Le regretté Gabriel Camps, anthropologue et historien, a retracé les origines préhistoriques de l‘Afrique du Nord. On peut en faire le résumé suivant :
- 30,000 ans av. J.-C., l’Atérien (Paléolithique supérieur), dans le nord-ouest de l’Afrique. “L’homme atérien était bien un homo sapiens sapiens, plus archaïque que l’homme de Cro-Magnon”. (p.53)
- Environ 10,000 ans av. J.-C., l’Ibéromaurusien (homme de Mechta el-Arbi, un cromagnoïde, succède au précédent.
- Vers 8,000 ans av.
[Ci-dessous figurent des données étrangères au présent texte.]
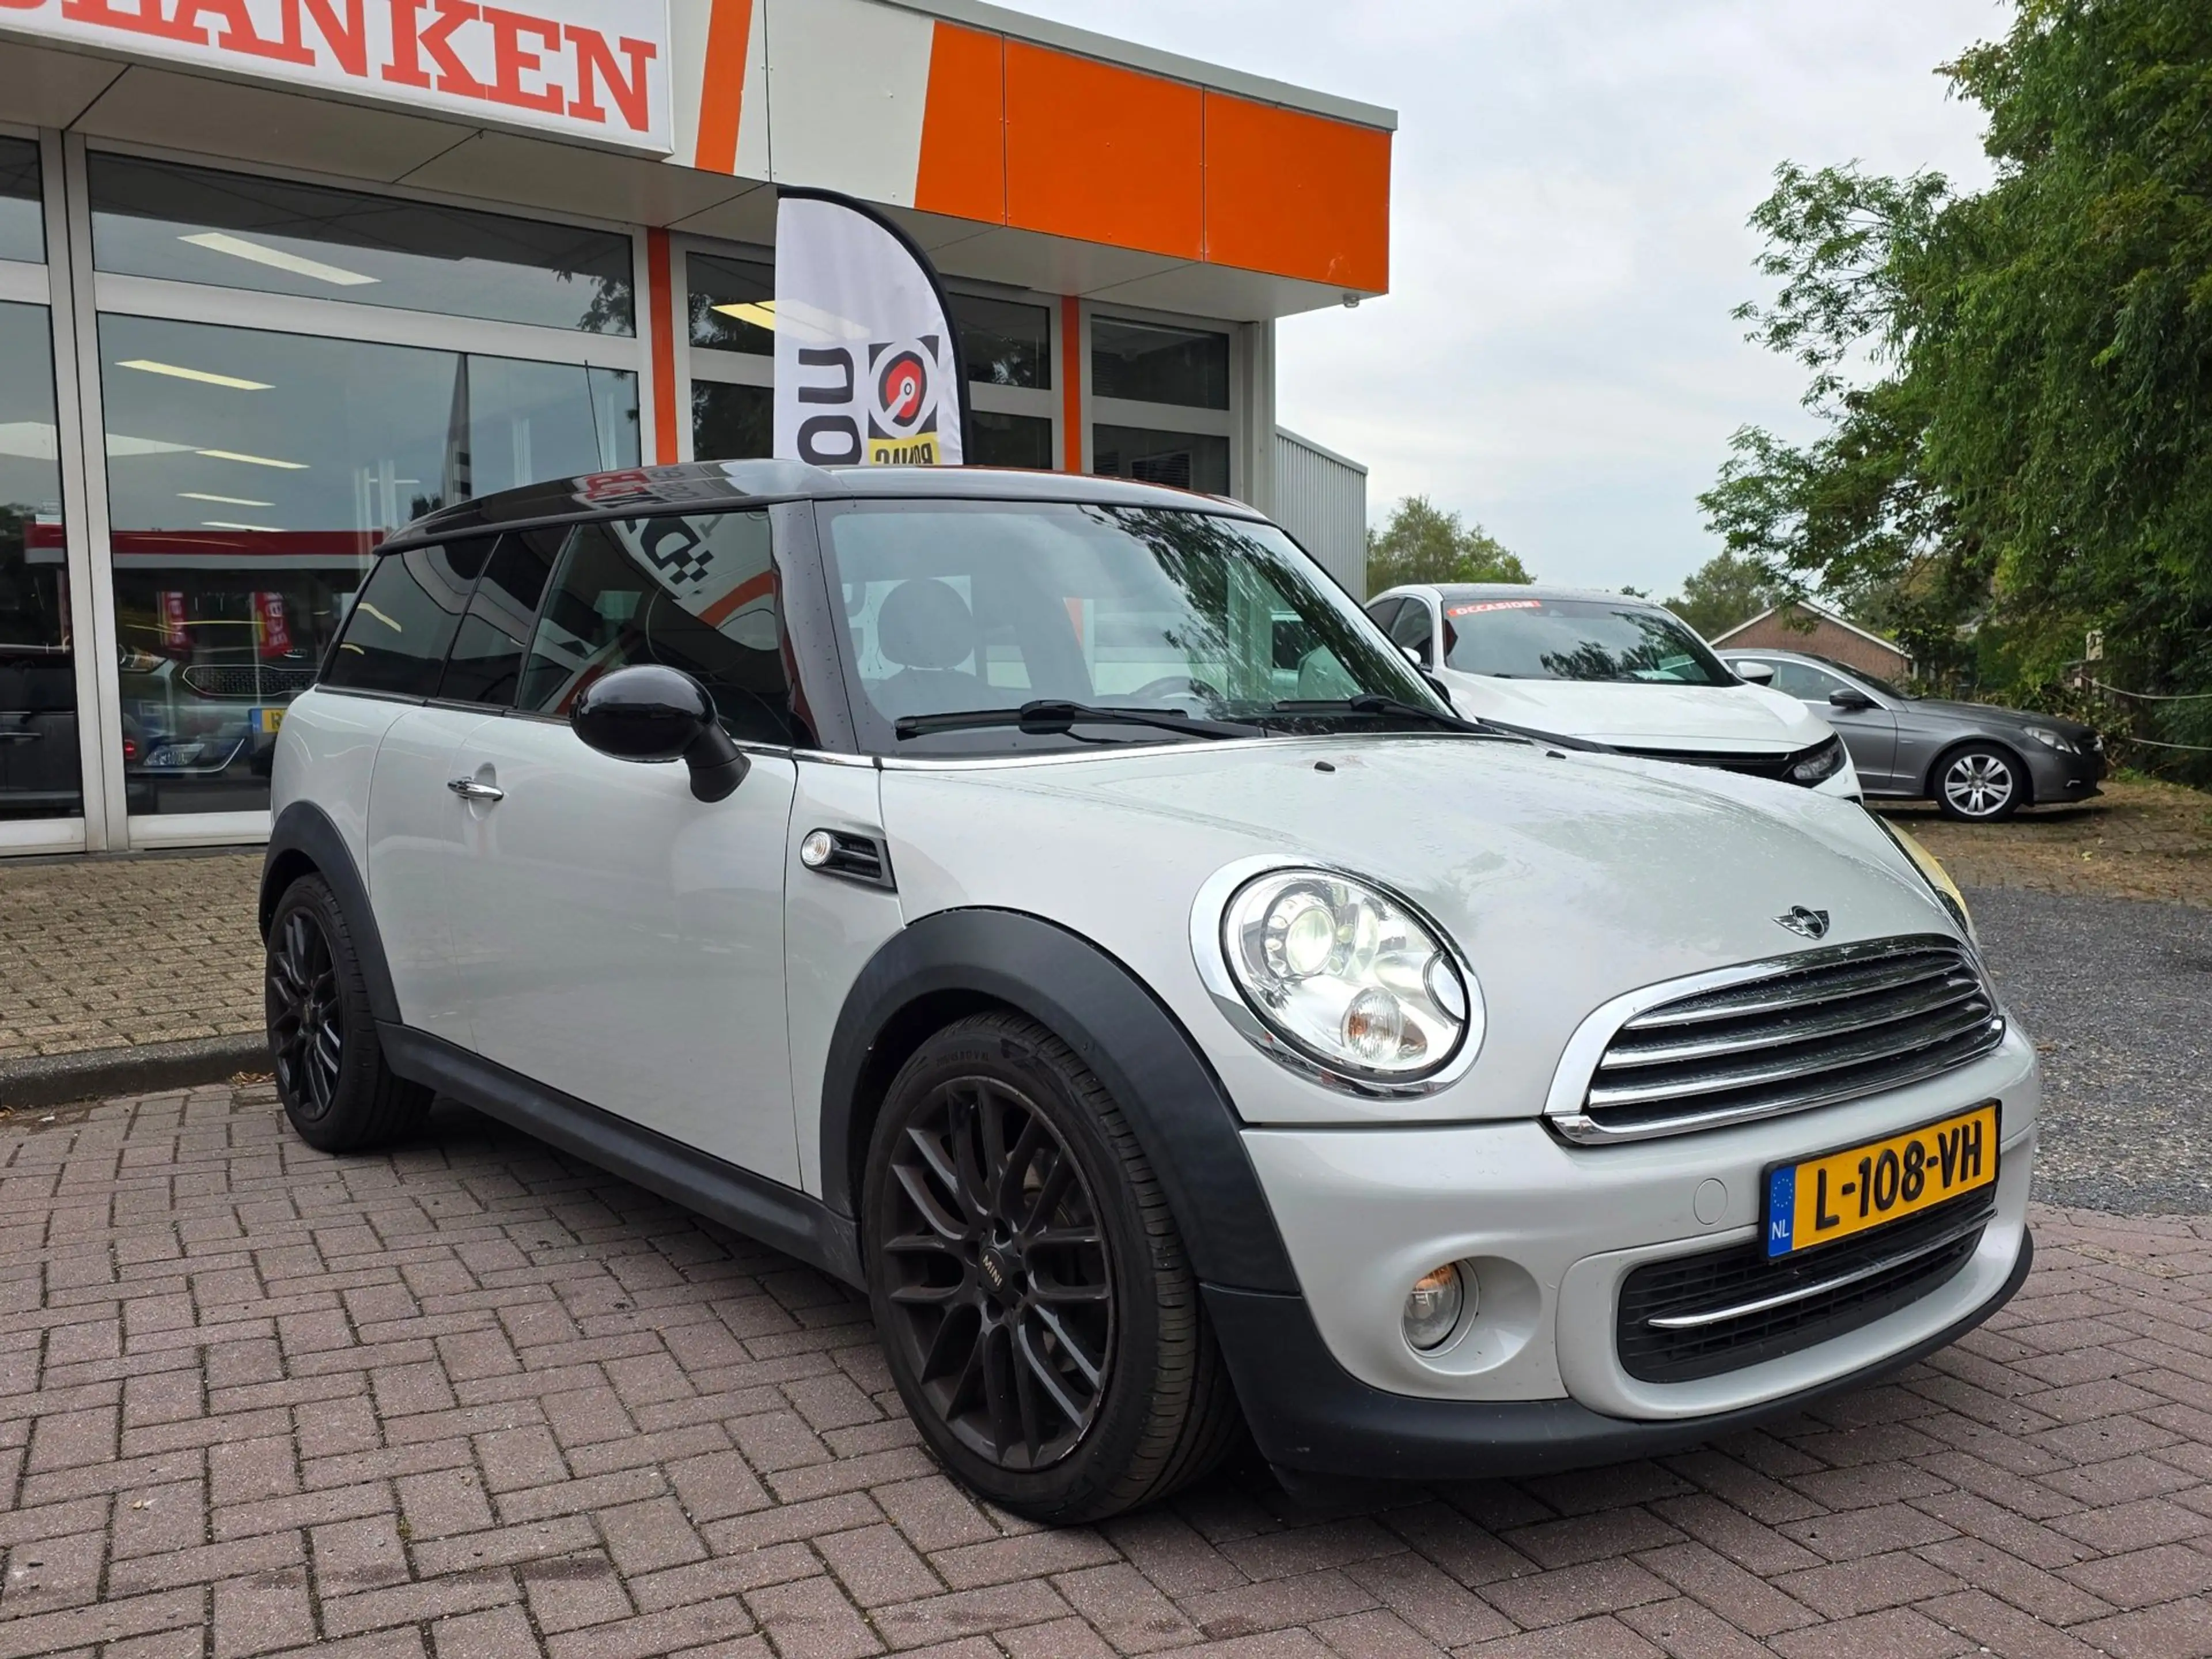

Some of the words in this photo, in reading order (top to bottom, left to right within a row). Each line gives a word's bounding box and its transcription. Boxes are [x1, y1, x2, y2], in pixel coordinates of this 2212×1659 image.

[0, 0, 657, 132] ANKEN
[1815, 1119, 1982, 1231] L-108-VH
[1771, 1218, 1790, 1241] NL
[983, 1255, 1002, 1286] MINI
J.-C., le Capsien protoméditerranéen, nouvel arrivant. “On voit apparaître, dans la partie orientale du Maghreb, un nouveau type d’Homo sapiens qui a déjà les caractères de certaines populations méditerranéennes actuelles”. […]
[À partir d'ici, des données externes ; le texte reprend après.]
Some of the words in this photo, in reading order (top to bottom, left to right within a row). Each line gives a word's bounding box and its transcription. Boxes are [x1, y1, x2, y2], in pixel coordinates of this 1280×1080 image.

“Manifestement, l’homme de Mechta el-Arbi n’a pu donner naissance aux hommes protoméditerranéens”. À ce moment précis de la Préhistoire, il y a donc rencontre entre deux groupes d’origine différente : l’homme atérien local, resté longtemps isolé par la désertification du Sahara, et le Capsien, arrivé par vagues successives du Proche-Orient dans la partie ouest de l’Afrique du Nord. Or, cet Ibéromaurusien va s’établir de manière permanente en Libye, en Tunisie et dans l’est de l’Algérie. Grâce au détroit de Sicile, il va avoir des relations avec Malte et les îles italiennes du sud (Sicile, Sardaigne, Pantelleria, Lampedusa, etc.). Dans le sud de la Libye, au Fezzan, il sera à l’origine de la civilisation des Garamantes. Les Grecs lui donneront le nom de Libyque. Plus tard encore, cette région deviendra la Numidie, berceau du peuple Amazigh grâce aux échanges propices à l’évolution du savoir et des techniques.
“Nous tenons, avec les Protoméditerranéens capsiens, les premiers Maghrébins que l’on peut, sans imprudence, placer en tête de la lignée berbère. Cela se situe il y a quelques 9 000 ans !” Et comme s’il fallait bien mettre les points sur les i, G. Camps ajoute la remarque suivante: “Cette arrivée est si ancienne qu’il n’est pas exagéré de qualifier leurs descendants de vrais autochtones.”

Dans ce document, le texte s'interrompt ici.